Alaa managed to save 22 of the cats by giving them to friends who were fleeing the city. With little Ernesto by his side, he went from neighborhood to neighborhood in East Aleppo, seeking food and other supplies to help the poor, the sick, the children, and any abandoned animals he could find.
“The bombs dropped constantly and then the soldiers came and gunfire was everywhere I went,” he says. “I still tried to help those who needed help in any way I could.”
Every day, he sent photos to his Facebook friends, showing the devastation to the beloved city where he called home.
Finally, on December 15, 2016, while driving an ambulance for the local charity, he and all of the other residents of East Aleppo had to leave.
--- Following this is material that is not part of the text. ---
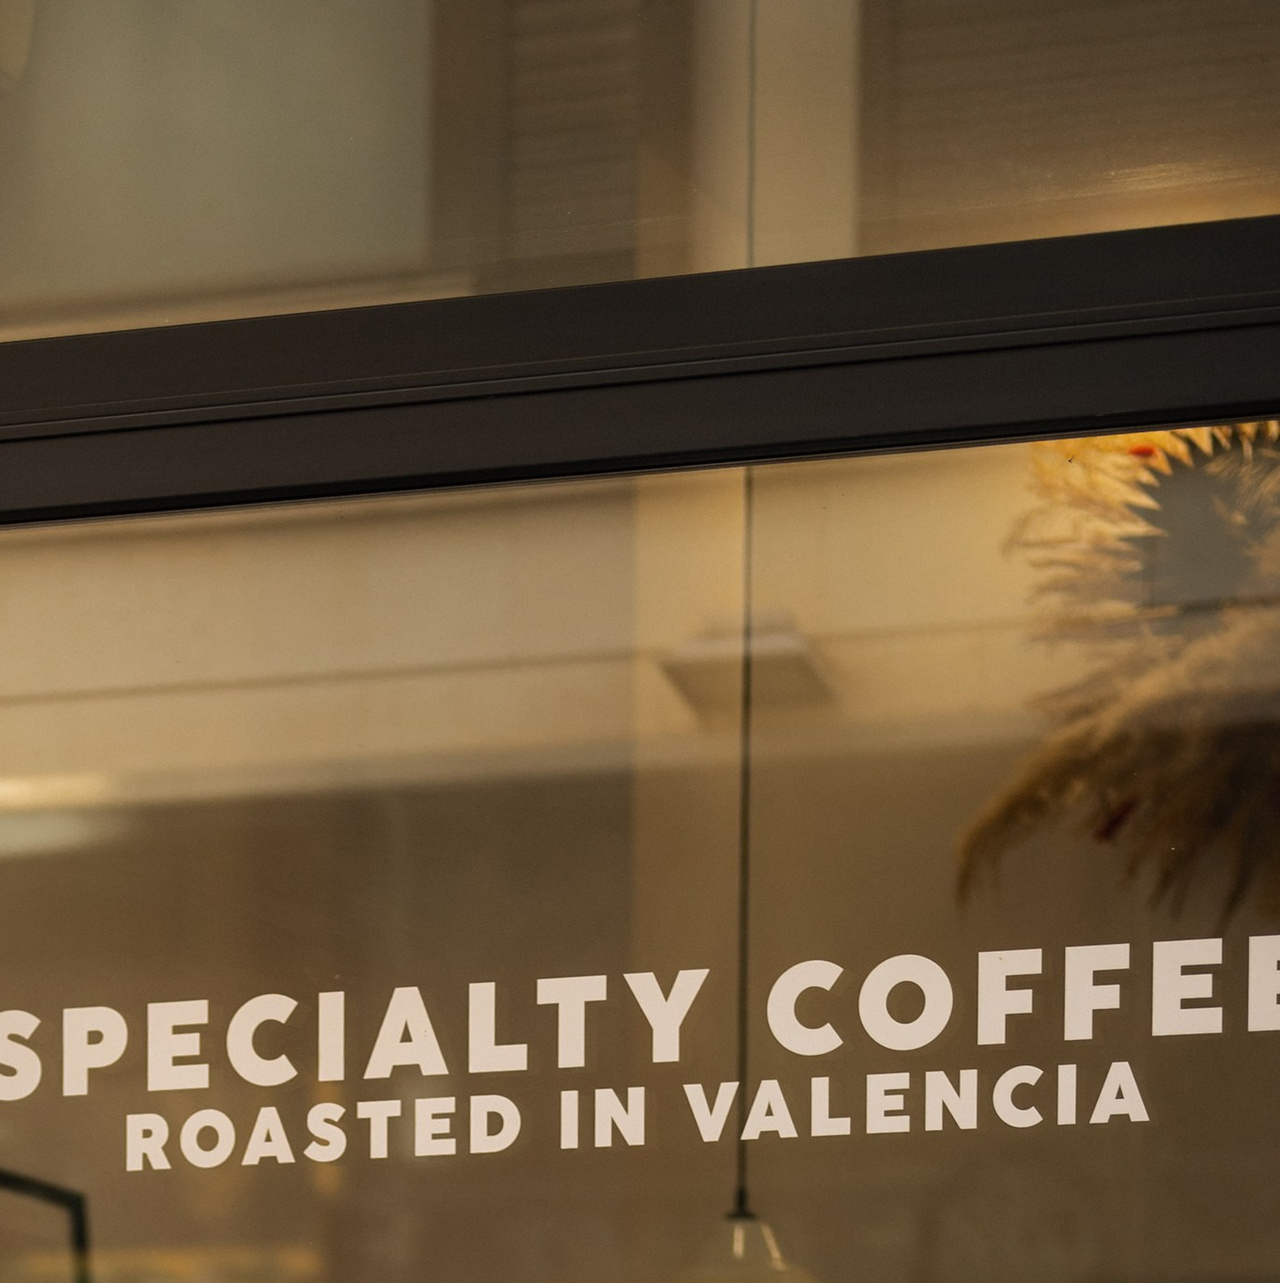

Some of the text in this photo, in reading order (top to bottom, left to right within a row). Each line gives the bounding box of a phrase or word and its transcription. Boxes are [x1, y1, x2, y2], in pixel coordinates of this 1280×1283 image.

“I was given no choice. After more than 40 years I left my city, my home of East Aleppo, with a small suitcase, with Ernesto, and with an ambulance full of wounded,” Alaa says. “I had left only my many memories — happy and sad. Thinking of this time brings such sorrow to my mind that I try not to remember it.”
From the ashes
After Aleppo, all Alaa had left was beautiful little Ernesto, his job as an ambulance driver, and his wonderful friends on Facebook. He knew what he was up against, and he knew that it would take patience, but he wanted to open another sanctuary. He wanted to build the sanctuary in the country, well away from the ravaged city, so he asked his friends on the Il Gattaro Facebook page if they could help by sending donations.
They responded in a big way.
“The costs would be very high, but my friends said they would help wherever they could,” Alaa told me. “They shared with others my hopes to build a new sanctuary and soon the members of my Facebook support group grew from 9,000 people to 20,000 people from all around the world.”
Thanks to the benevolence of these people, Alaa was able to purchase land and a partially destroyed building in the countryside of West Aleppo Province, and a new cat sanctuary called The Paradise of Ernesto has sprung up. Local people were hired for the construction work, and another playground, also called The Garden of Hope, was built. Local kids, children from refugee camps, and those orphaned by the war can visit and interact with the cats and dogs as a form of pet therapy to help them deal with the horrors of war.
“It gives them a break from the stress of war, and they learn respect and love for animals,” Alaa says.
Buses, bought with funds donated by Il Gattaro bring kids from local schools and orphanages to visit the sanctuary and the playground.
Another major accomplishment for the sanctuary is the hiring of staff veterinarian, Dr. Mohammad Yoossef. Finding a veterinarian was difficult because most had understandably fled the country when the bombing began. But like Alaa, Dr. Yoossef stayed behind.
Now the sanctuary provides free care for all the animals in the area, not just for those inside the sanctuary. This includes horses, chickens, cows, and other livestock.
But even more important is this:
“Dr. Yoossef has also when the difficult and expensive to obtain anesthesia is available, begun to neuter and spay the cats. Due to the lack of medicines, this will be a slow process but one that we will continue because it is so important.”
The main goal here is to also educate the local people about the importance of spaying and neutering pets. Medications for all of the animals are difficult to find, but Alaa isn’t deterred. The sanctuary was even able to purchase an ultrasound machine and has bought more land next to the sanctuary in the hopes of providing Dr. Yoossef with a full-service clinic.
And the number of animals at the sanctuary has grown apace, with 70 cats and kittens, numerous dogs, four monkeys, rabbits, doves, geese, and a horse.
It is said that love is blind, but so are bombs, which ravage and kill indiscriminately, adults, children, and animals alike. But love, fostered by kindness, can also bloom, and that’s just what it’s doing here.